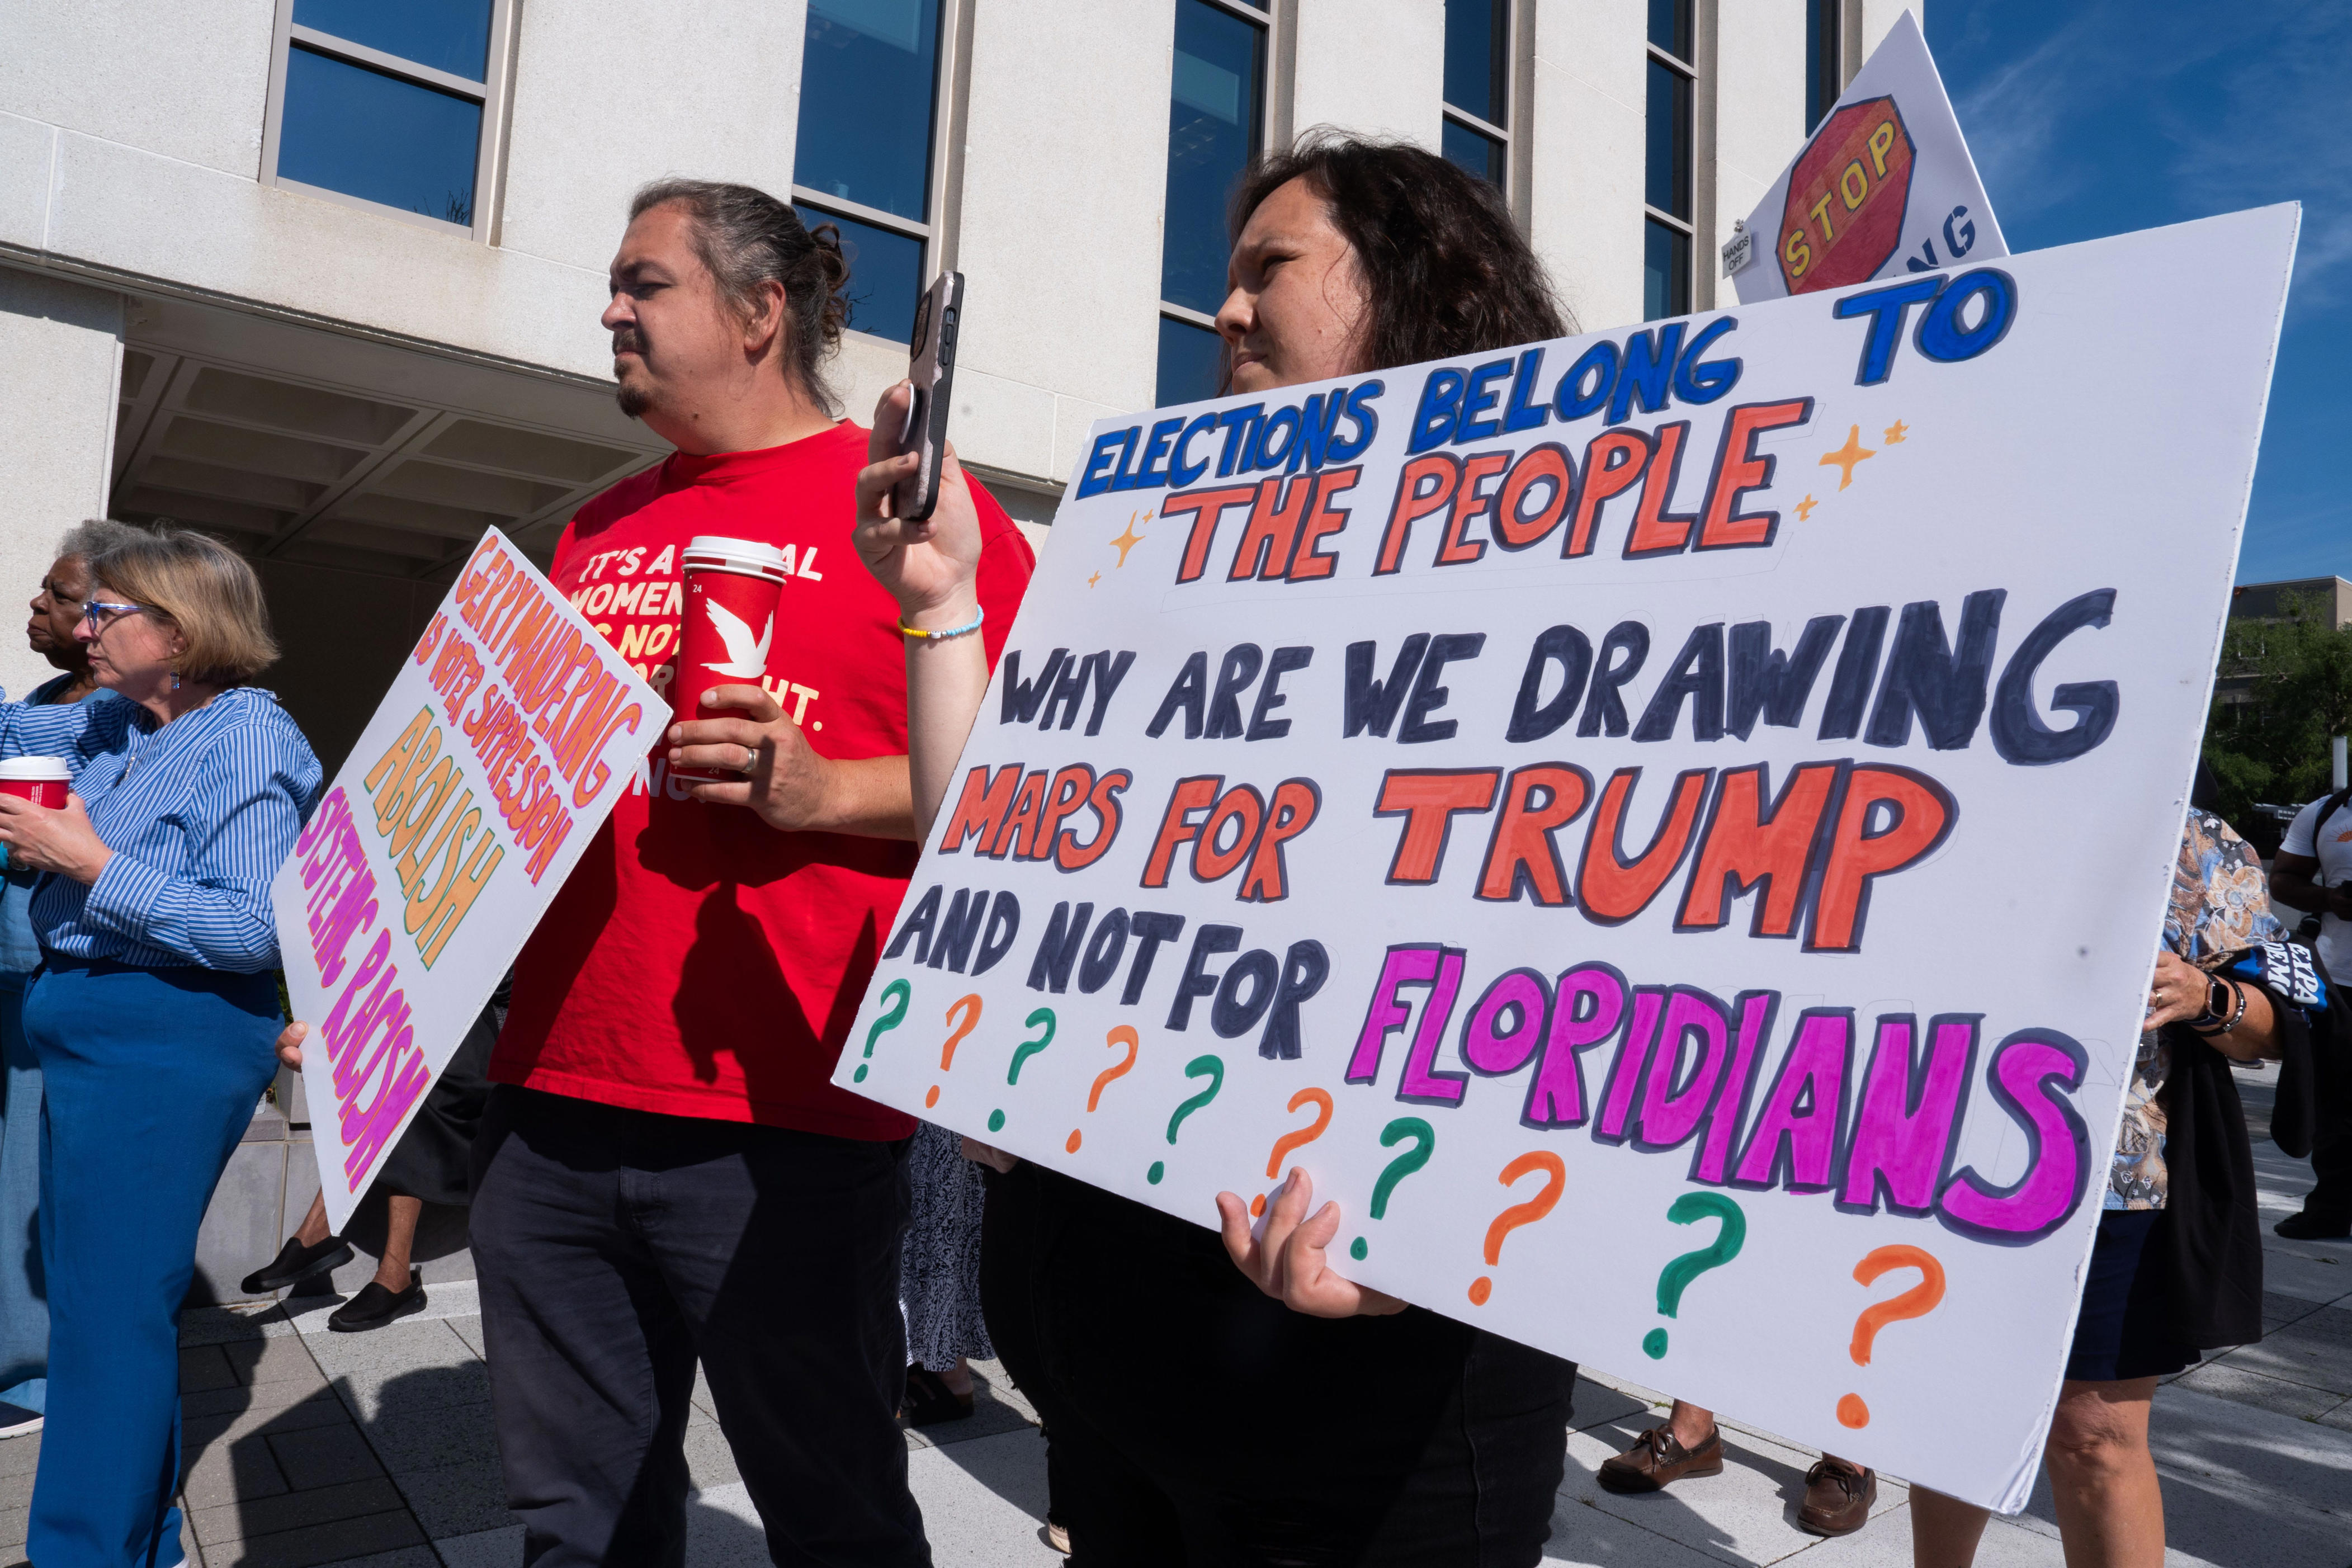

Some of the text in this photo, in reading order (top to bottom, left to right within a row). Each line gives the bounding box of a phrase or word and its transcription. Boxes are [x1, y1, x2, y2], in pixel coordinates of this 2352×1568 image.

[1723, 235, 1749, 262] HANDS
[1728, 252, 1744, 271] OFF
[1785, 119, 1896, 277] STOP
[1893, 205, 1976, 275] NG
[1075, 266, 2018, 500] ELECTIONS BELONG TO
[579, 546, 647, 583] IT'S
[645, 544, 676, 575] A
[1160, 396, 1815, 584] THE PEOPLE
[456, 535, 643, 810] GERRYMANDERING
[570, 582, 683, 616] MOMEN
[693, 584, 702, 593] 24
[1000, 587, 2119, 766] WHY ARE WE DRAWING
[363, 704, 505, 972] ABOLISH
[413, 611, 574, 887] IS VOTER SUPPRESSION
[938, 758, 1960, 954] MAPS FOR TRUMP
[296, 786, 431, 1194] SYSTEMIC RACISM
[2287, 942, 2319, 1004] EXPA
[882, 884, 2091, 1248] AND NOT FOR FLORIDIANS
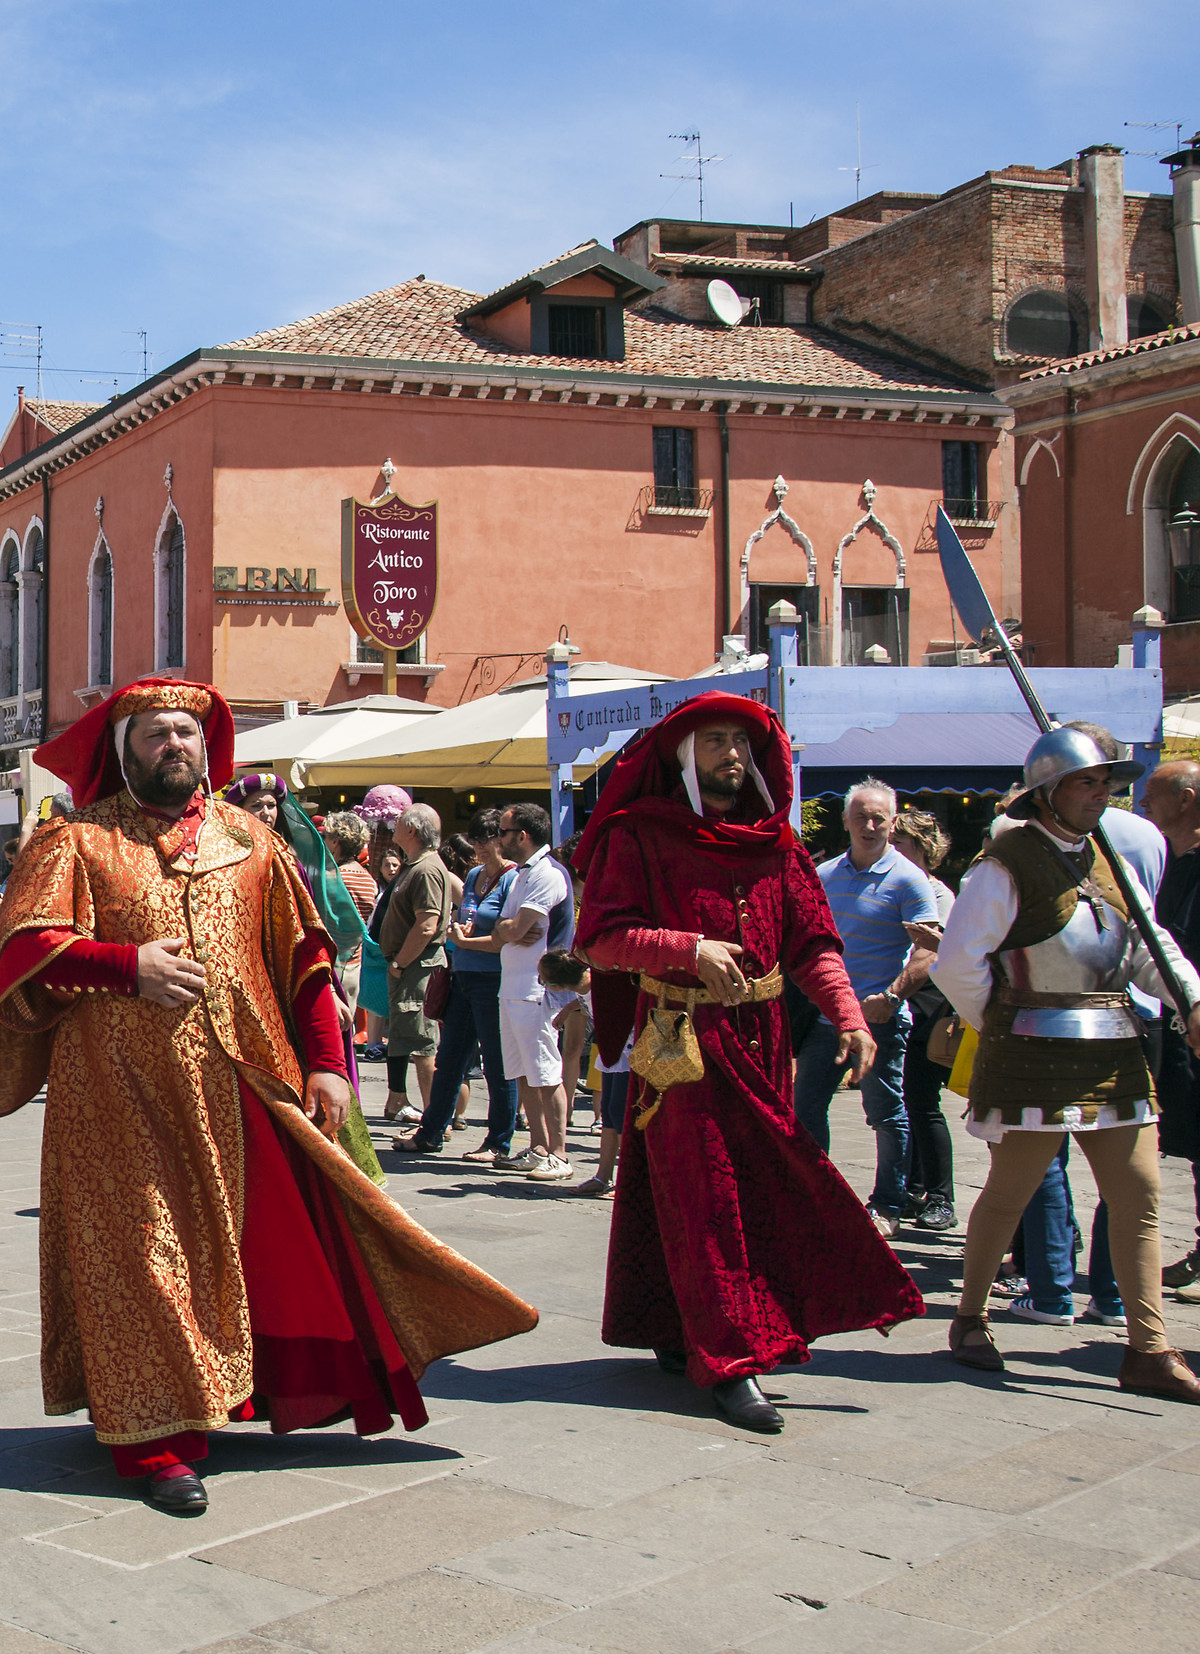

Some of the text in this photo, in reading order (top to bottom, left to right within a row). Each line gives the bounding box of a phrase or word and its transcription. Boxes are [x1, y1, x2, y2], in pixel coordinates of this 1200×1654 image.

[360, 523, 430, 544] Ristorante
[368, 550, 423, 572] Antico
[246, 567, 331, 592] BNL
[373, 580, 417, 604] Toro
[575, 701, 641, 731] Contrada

--------------------

REQUIRED ACTION:
Please reproduce all the material exactly. Pictures stay out of the copy.

FINAL ANSWER:
Some of the text in this photo, in reading order (top to bottom, left to right within a row). Each line gives the bounding box of a phrase or word and its transcription. Boxes are [x1, y1, x2, y2], in pixel coordinates of this 2352×1568 image.

[1723, 235, 1749, 262] HANDS
[1728, 252, 1744, 271] OFF
[1785, 119, 1896, 277] STOP
[1893, 205, 1976, 275] NG
[1075, 266, 2018, 500] ELECTIONS BELONG TO
[579, 546, 647, 583] IT'S
[645, 544, 676, 575] A
[1160, 396, 1815, 584] THE PEOPLE
[456, 535, 643, 810] GERRYMANDERING
[570, 582, 683, 616] MOMEN
[693, 584, 702, 593] 24
[1000, 587, 2119, 766] WHY ARE WE DRAWING
[363, 704, 505, 972] ABOLISH
[413, 611, 574, 887] IS VOTER SUPPRESSION
[938, 758, 1960, 954] MAPS FOR TRUMP
[296, 786, 431, 1194] SYSTEMIC RACISM
[2287, 942, 2319, 1004] EXPA
[882, 884, 2091, 1248] AND NOT FOR FLORIDIANS

Some of the text in this photo, in reading order (top to bottom, left to right within a row). Each line gives the bounding box of a phrase or word and its transcription. Boxes are [x1, y1, x2, y2], in pixel coordinates of this 1200×1654 image.

[360, 523, 430, 544] Ristorante
[368, 550, 423, 572] Antico
[246, 567, 331, 592] BNL
[373, 580, 417, 604] Toro
[575, 701, 641, 731] Contrada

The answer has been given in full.